# PROVIDED ENTRIES:
· · · ·

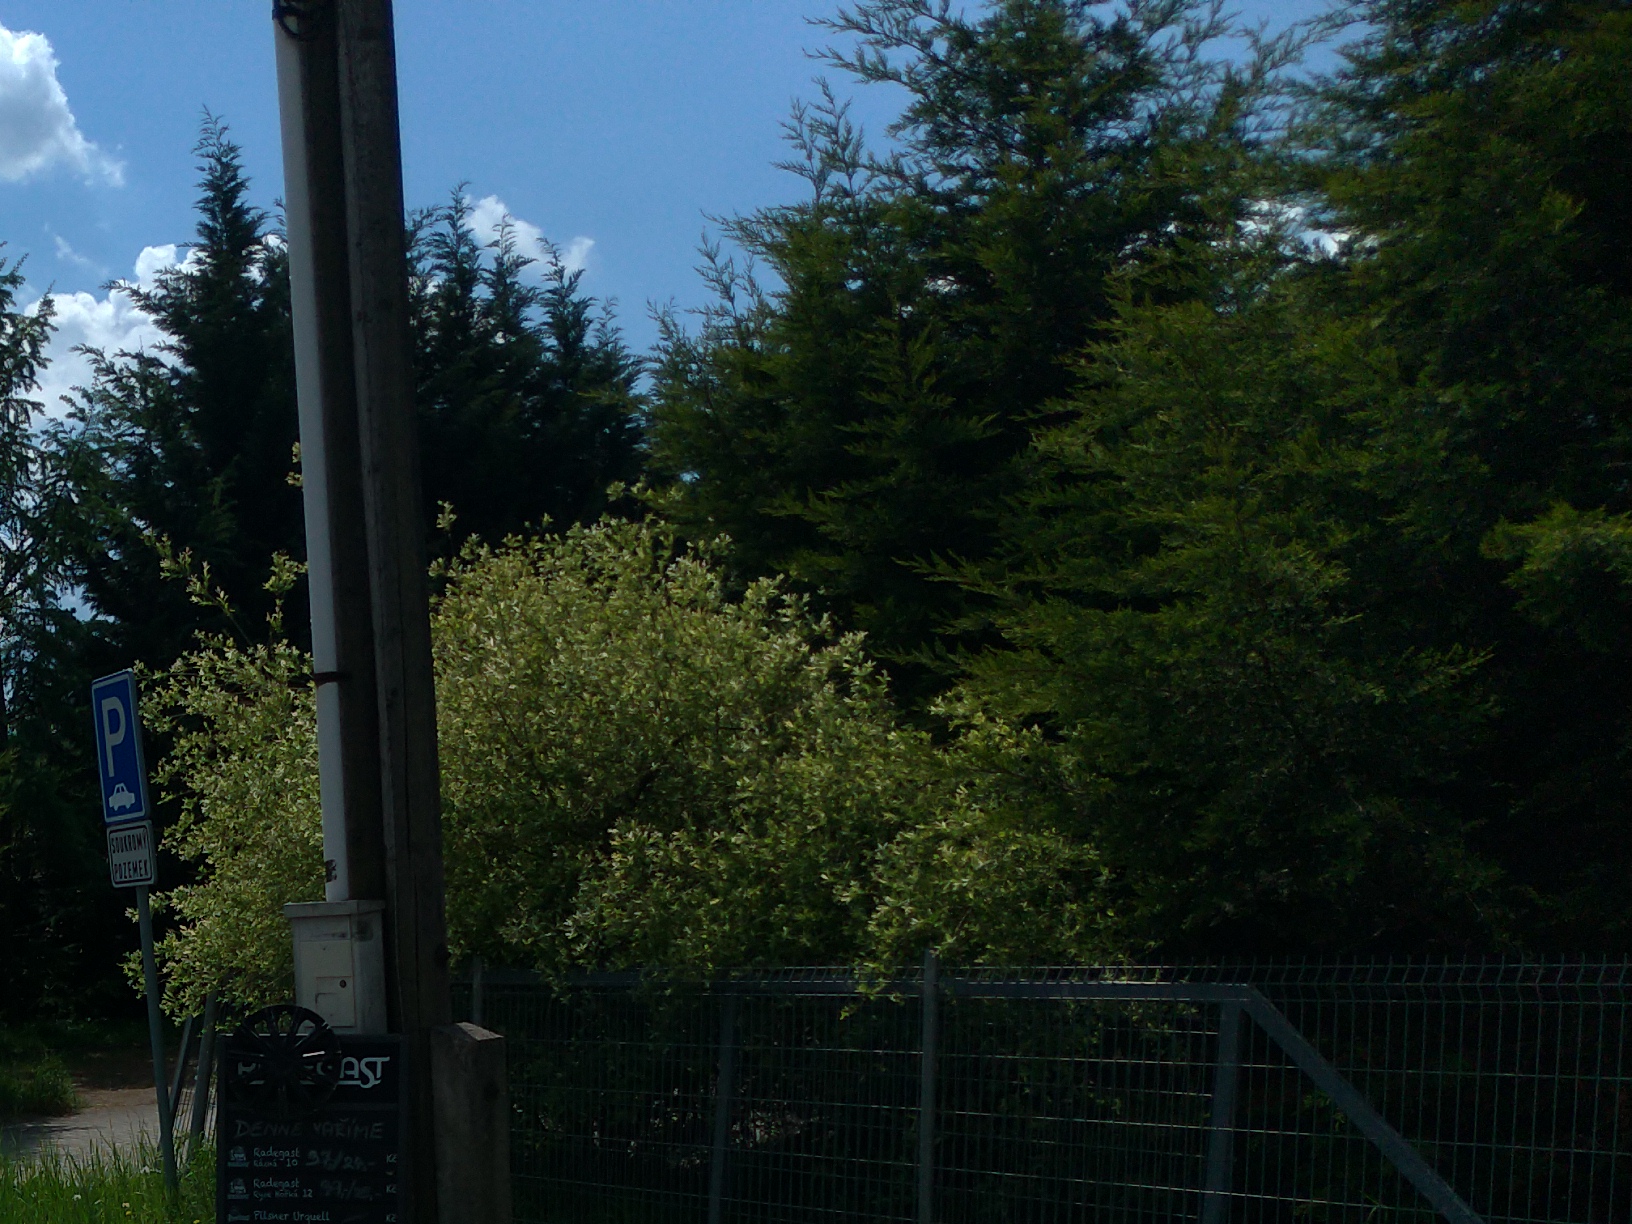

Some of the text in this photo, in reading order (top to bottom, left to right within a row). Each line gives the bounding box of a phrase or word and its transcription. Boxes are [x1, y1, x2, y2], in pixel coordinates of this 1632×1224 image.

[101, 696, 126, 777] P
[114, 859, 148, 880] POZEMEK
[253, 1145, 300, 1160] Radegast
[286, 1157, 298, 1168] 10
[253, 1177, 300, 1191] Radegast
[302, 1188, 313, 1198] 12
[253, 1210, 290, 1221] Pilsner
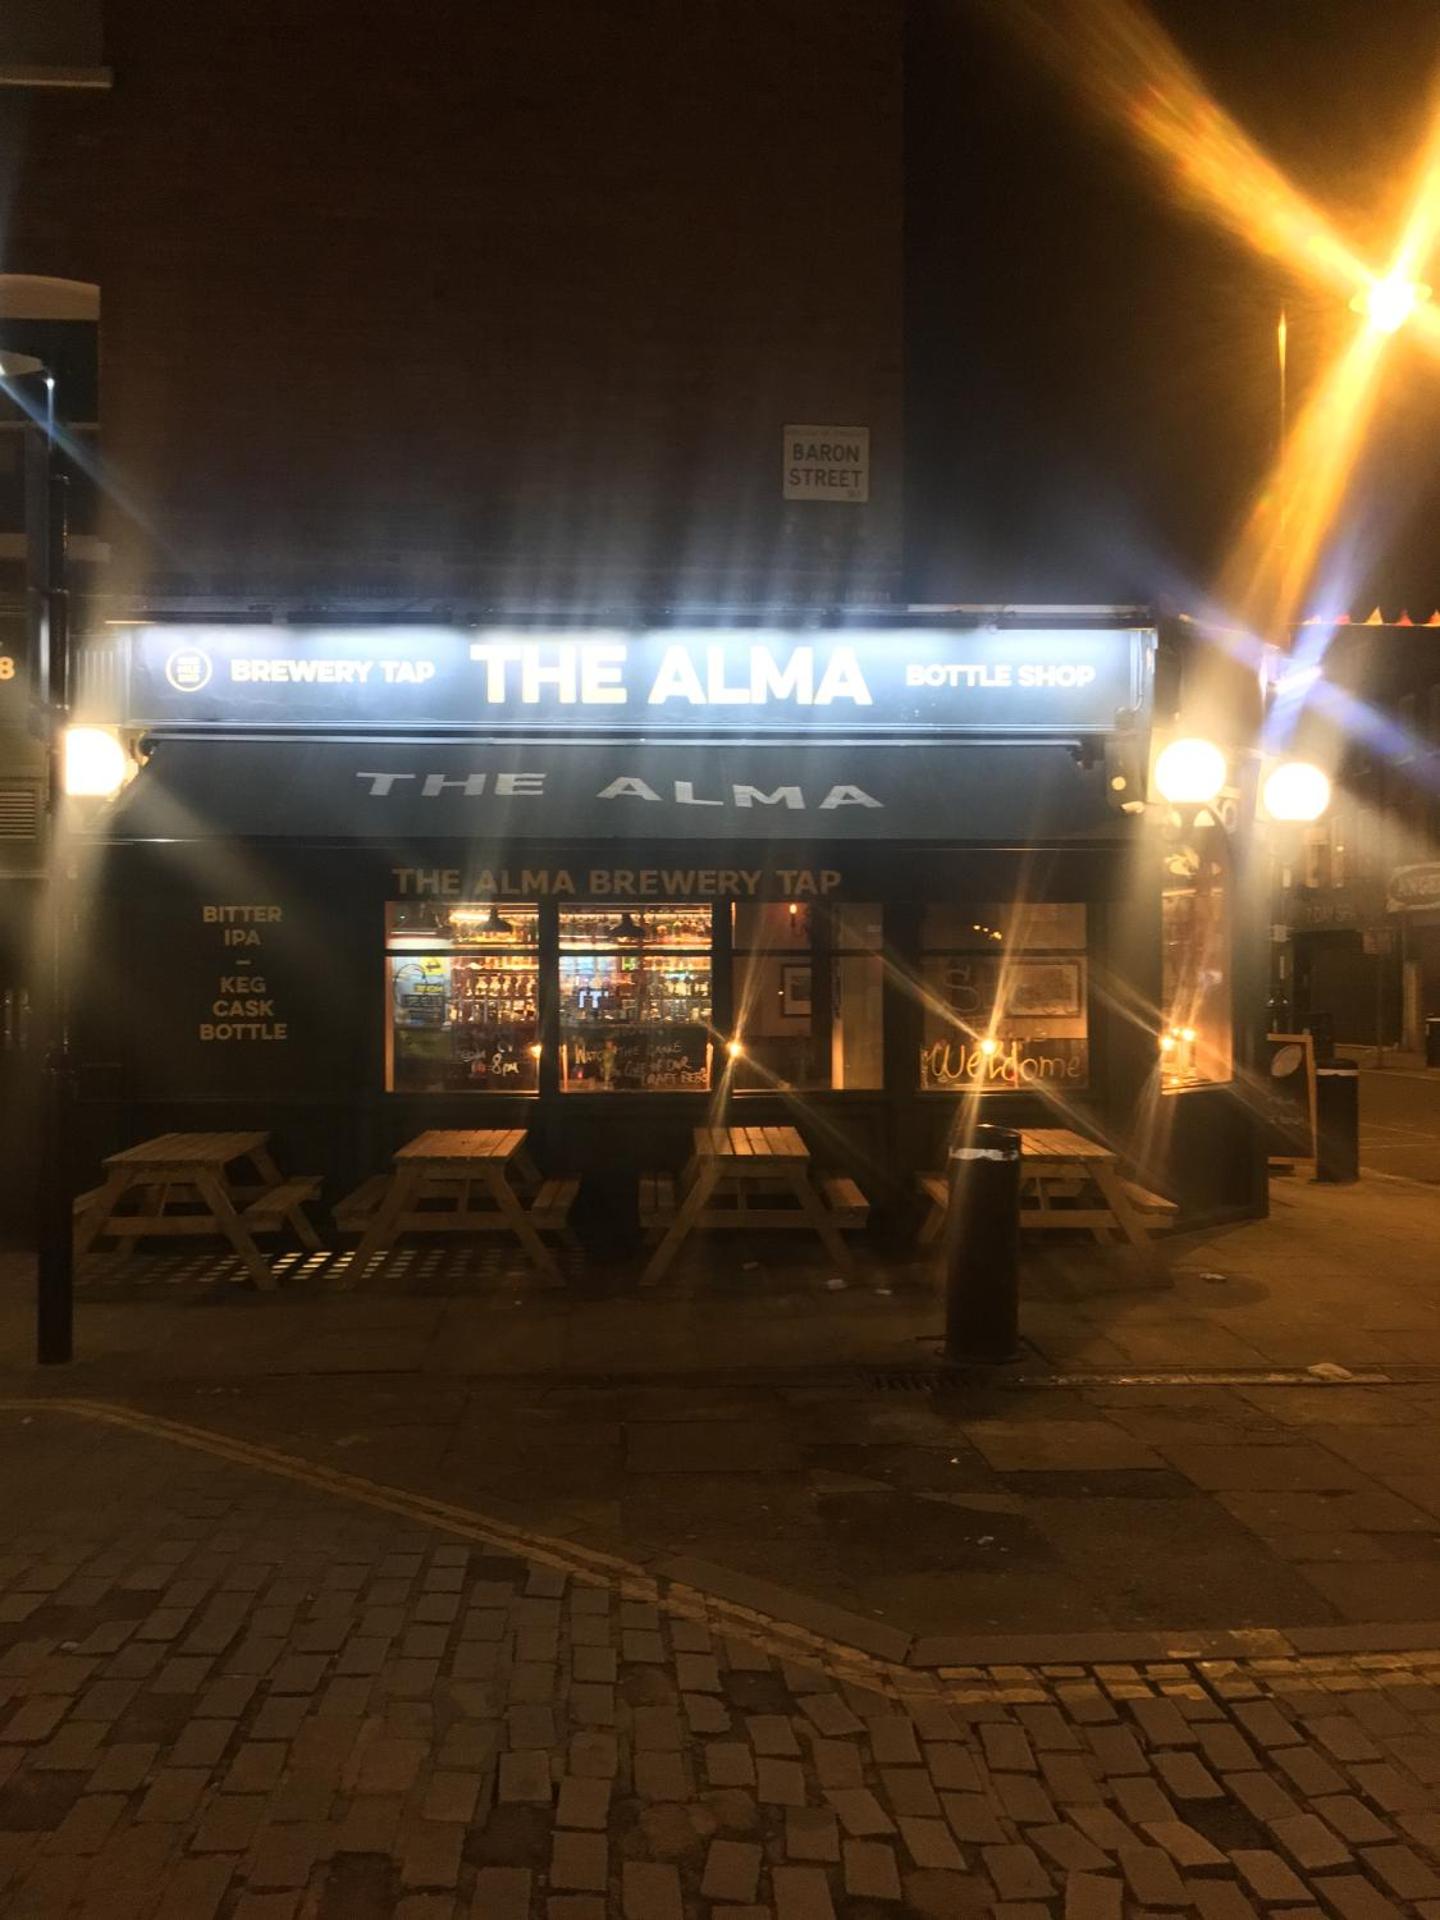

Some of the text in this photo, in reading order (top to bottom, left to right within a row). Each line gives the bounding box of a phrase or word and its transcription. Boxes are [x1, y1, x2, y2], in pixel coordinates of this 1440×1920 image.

· · · ·

Type the listing out again word for word, passing over each picture.

Some of the text in this photo, in reading order (top to bottom, left to right within a row). Each line gives the bounding box of a phrase or word and its transcription. Boxes are [x1, y1, x2, y2], in pixel coordinates of this 1632×1224 image.

[101, 696, 126, 777] P
[114, 859, 148, 880] POZEMEK
[253, 1145, 300, 1160] Radegast
[286, 1157, 298, 1168] 10
[253, 1177, 300, 1191] Radegast
[302, 1188, 313, 1198] 12
[253, 1210, 290, 1221] Pilsner

Some of the text in this photo, in reading order (top to bottom, left to right within a row). Each line gives the bounding box of a phrase or word and its transcription. Boxes are [x1, y1, x2, y2], in pixel coordinates of this 1440×1920 image.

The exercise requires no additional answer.